The four P’s of finding your life’s work

2 minute read

I really like what I do. But it took me a lot of trial and error to figure out I wanted to be in academia. That is, over the years I've held all kinds of jobs ranging from menial labor to pharmacist intern to middle management at an environmental consulting firm. While I am none of those things now, the perspectives those opportunities provided me were invaluable in terms of helping me figure out what I want to do with myself. As a result I've developed some criteria for figuring out what aspects of a job are most important to me: Passion, Pay, Positive, and Proclivity.

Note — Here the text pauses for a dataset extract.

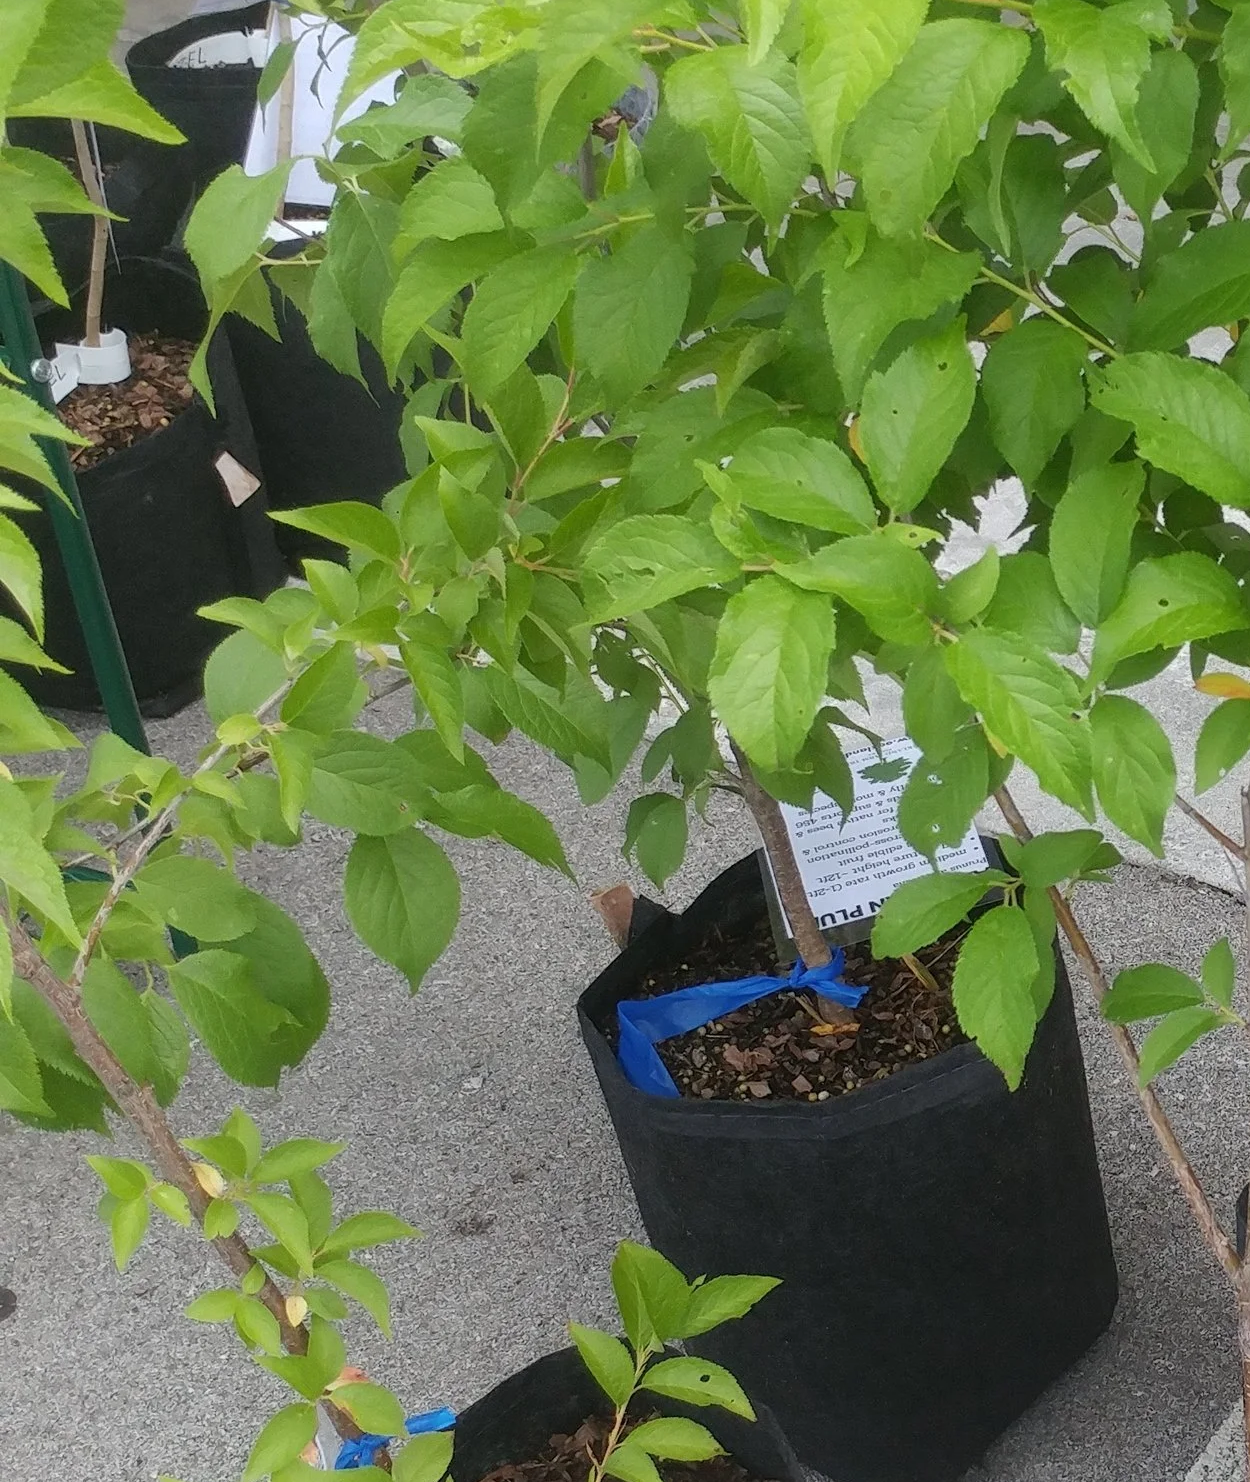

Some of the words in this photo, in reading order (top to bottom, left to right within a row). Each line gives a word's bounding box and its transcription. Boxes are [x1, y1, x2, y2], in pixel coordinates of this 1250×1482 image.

So what do I mean by this? Well, I need to be passionate about some aspect of what I'm doing. In other words, there has to be some underlying driver that motivates me to want to work hard to succeed. Somebody has to be willing to pay me to do it. If I'm not getting paid, then I have to either figure out how to get paid by some other means, or accept that what I'm doing is more of a hobby than a profession - which is fine, but I find it is helpful to be realistic. The position has to provide some net positive benefit to society. This doesn't mean that the job itself provides that benefit, but perhaps affords me the time or energy to volunteer or pursue some other aspect of my life that is generally seen as beneficial to the community. However, I personally like it more if the job itself provides the benefit. And then I have to have some kind proclivity or natural attraction or talent for the occupation. That is, there are lots of jobs out there that I would just suck at, and wouldn't want to put the time and effort into improving my skills, so its better if I just avoid them all together. But there are also lots of things I'm probably not good at initially, but am willing to put in the 10,000 hours to become better. I'd like to say there are things I'm just naturally good at, but relatively speaking, I think that would be an overstatement.

I just think that if we're going to spend up to 1/3 of our life sleeping and another good proportion of it working, we should find something that we really want to do or that we can feel good about, because it provides us the opportunity to contribute to society in our own small way.